National Stock Exchange (NSE): The National Stock Exchange (NSE) of India was incorporated in November, 1992 with an equity capital of Rs. 25 crores and promoted by IDBI, ICICI, LIC, GIC etc. Objectives: to establish nation wide trading facility for equity shares and debts; To facilitate equal access to investors across the country; to enable shorter settlement cycle and To meet international standard. Features: It has a fully automated screen based trading system (i.e. Transaction would take place through satellite communication telephone lines); It has three segments: Capital Market, Wholesale Debt Market and Derivatives Market. The members are: individuals, firms and corporates. The most popular indices are: S&P CNX 500, S&P CNX Nifty, S&P CNX Defty, CNX mid-cap 200 etc.

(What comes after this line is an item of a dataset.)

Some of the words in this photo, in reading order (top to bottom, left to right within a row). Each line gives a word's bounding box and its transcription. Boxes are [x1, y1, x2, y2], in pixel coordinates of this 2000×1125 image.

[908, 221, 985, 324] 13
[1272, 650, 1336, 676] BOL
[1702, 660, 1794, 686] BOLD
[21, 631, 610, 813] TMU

Bombay Stock Exchange (BSE):


The Bombay Stock Exchange (BSE) is the oldest stock exchange in Asia and was established as early as 1875 itself. The BSE is a voluntary, non-profit making association of brokers members. Features: It has also a fully automated screen based trading system know as, BSE online Trading System (BOLT) ; It has also three segments: Capital Market, Wholesale Debt Market and Derivatives Market. It has more than 700 members and most of them are individuals. At present, corporate members are being admitted. The most popular indices are: SENSEX, BSE 200, Dollex, BSE 500 etc. The BSE dominate the Indian Capital Market by accounting for more than 60% of all-India turnover;

(B) Financial Institutions


There is two types of financial institutions in India: 1. Banking and 2. Non-Banking.

Banking Institutions:
Scheduled Commercial Bank: Scheduled commercial banks are those included in the second schedule of RBI Act, 1934. In terms of ownership and function scheduled commercial banks are classified in four categories: Public Sector Banks, Private Sector Banks, Foreign Banks in India and Regional Rural Banks. Public Sector Banks: Public sector banks are those banks in which the Government has major holdings (e.g. State Bank of India and other Nationalised banks); Private Sector Banks: The banks which have been setup in 1990s under the guidelines of the Narasimham Committee are referred to as private sector banks (e.g. Citi Bank, HSBC etc).

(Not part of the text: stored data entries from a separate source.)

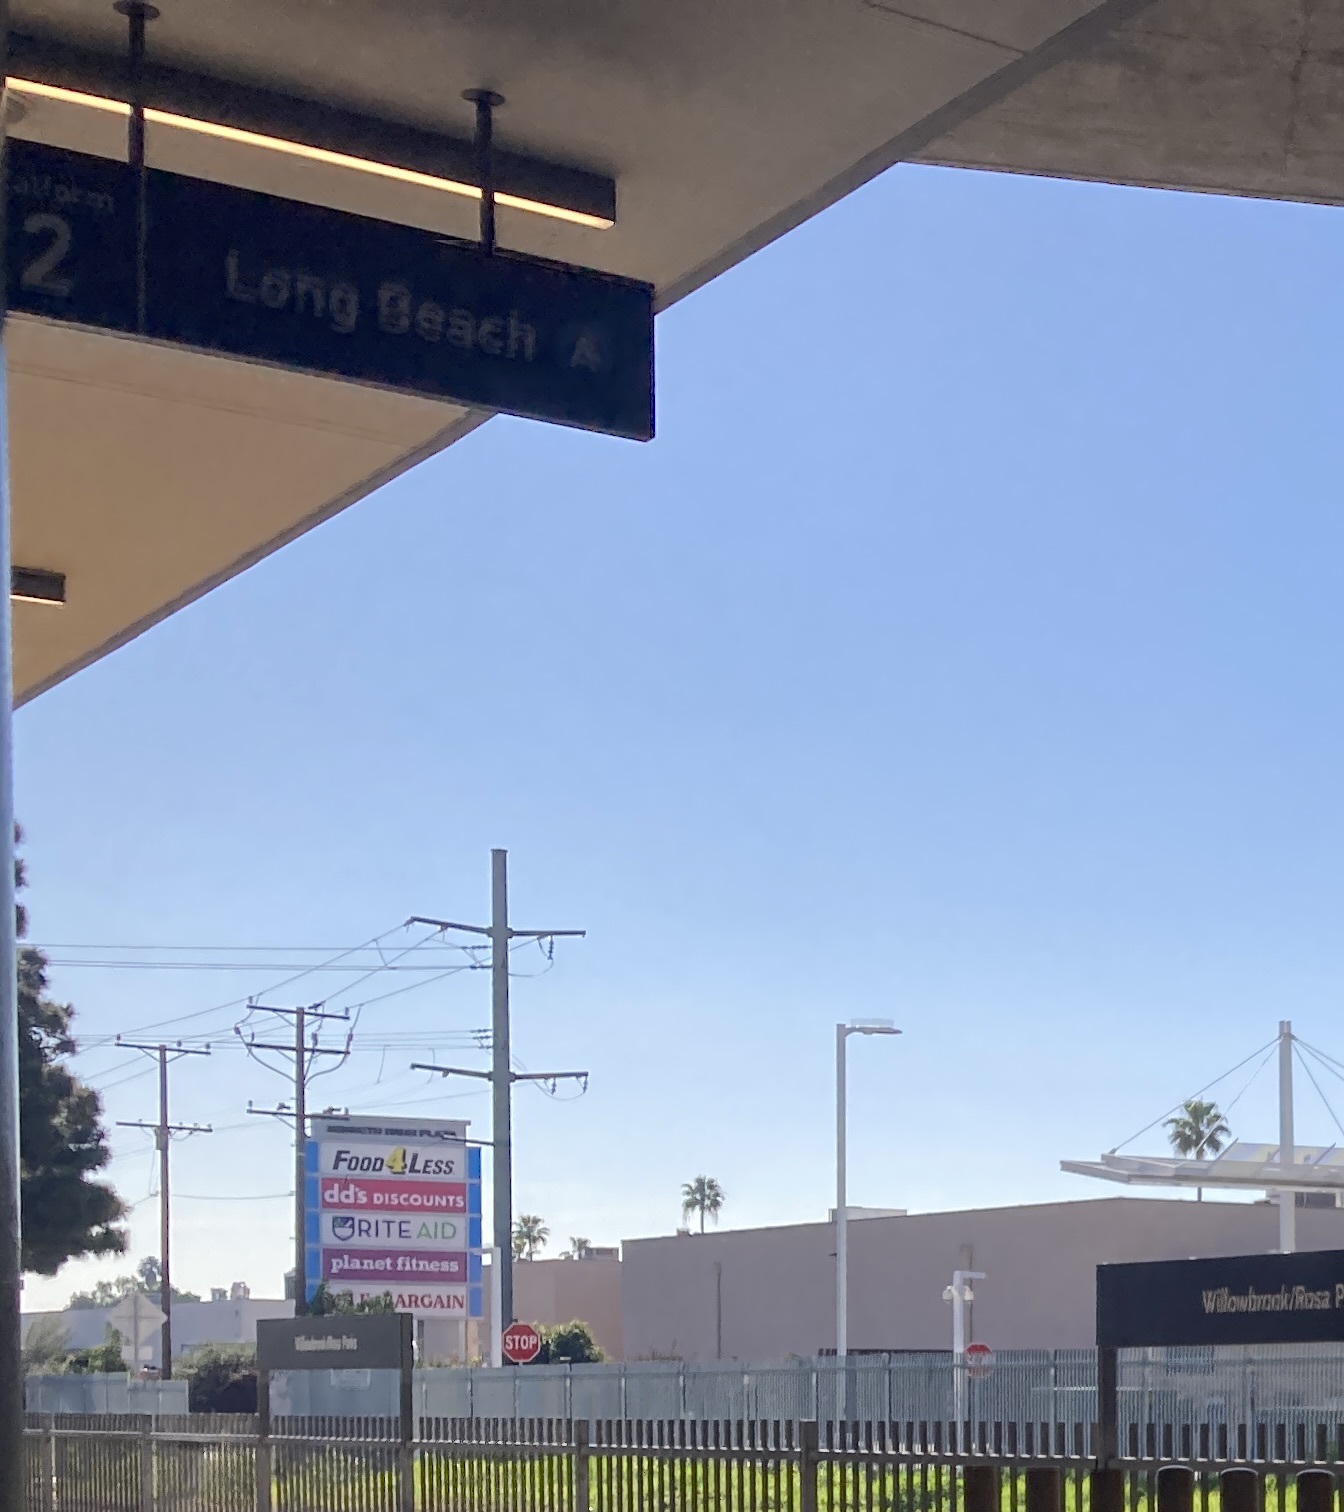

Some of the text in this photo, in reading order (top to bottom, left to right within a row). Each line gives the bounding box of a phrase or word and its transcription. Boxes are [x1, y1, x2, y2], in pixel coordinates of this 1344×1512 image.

[22, 212, 74, 298] 2
[225, 249, 538, 363] Long Beach
[324, 1183, 464, 1208] dd's DISCOUNTS
[358, 1219, 457, 1239] RITE AID
[330, 1254, 459, 1274] planet fitness
[386, 1293, 464, 1309] ARGAIN
[1202, 1284, 1332, 1314] Willowbrook/Rosa
[505, 1335, 537, 1350] STOP
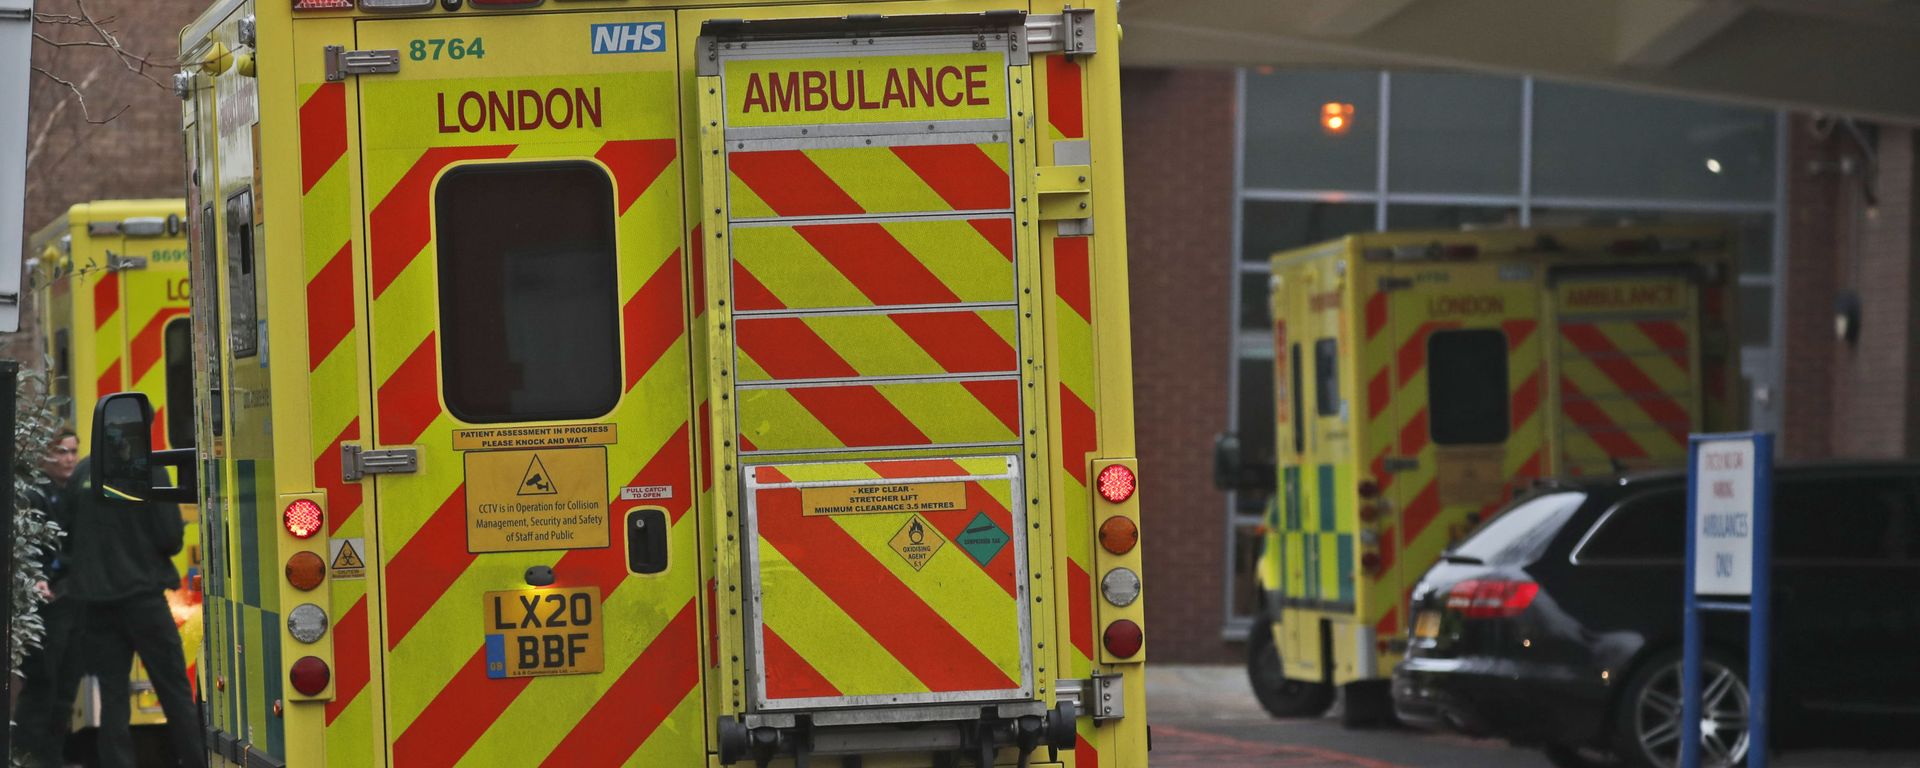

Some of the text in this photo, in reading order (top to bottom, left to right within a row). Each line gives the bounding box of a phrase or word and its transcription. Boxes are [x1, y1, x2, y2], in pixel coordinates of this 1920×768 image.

[409, 24, 662, 61] 8764 NHS
[742, 65, 990, 113] AMBULANCE
[437, 87, 602, 133] LONDON
[460, 430, 494, 438] PATIENT
[496, 428, 551, 437] ASSESSMENT
[564, 426, 608, 434] PROGRESS
[482, 436, 588, 447] PLEASE KNOCK AND WAIT
[849, 495, 898, 503] STRETCHER
[479, 501, 599, 514] CCTV is in Operation for Collision
[814, 506, 853, 514] MINIMUM
[855, 504, 904, 512] CLEARANCE
[476, 514, 603, 530] Management, Security and Safety
[506, 530, 574, 542] of Staff and Public
[494, 592, 592, 629] LX20
[517, 633, 589, 669] BBF

Foreign Banks in India: Foreign banks in India (e.g. Standard Chartered etc.) are those banks who has benefited the Indian Financial System by enhancing competition, transfer of technology and specialised skills resulting in higher efficiency and greater satisfaction. The have also enabled large Indian Companies to access foreign currency resources from their overseas branches in times of foreign currency constraints. Regional Rural Banks: These banks came into existence under the Regional Rural Banks Ordinance, 1975 for the development of agriculture, trade and commerce in rural areas and to provide credit facilities to small and marginal farmers, agricultural labourers and small entrepreneurs is known as regional rural bank (e.g Paschim Banga Gramin Bank, Rashtriya Gramin Bikash Bank etc.).

Non Banking Institution:


Non-Banking Finance Companies (NBFCs): NBFCs are financial intermediaries engaged in the business of accepting deposits from the public and delivering credit to the unorganised sector and to small local borrowers. NBFCs have also a supplement role in meeting the increasing financial needs of the corporate sector. As compared to the scheduled commercial banks, they can take quick decisions, assume grater risks, and tailor-make their services and charges according to the needs of the clients. Different segments of NBFCs: Hire Purchase Finance Company; Loan Company; Mutual Benefit Finance Company; Equipment Leasing Company and Chit Fund Company.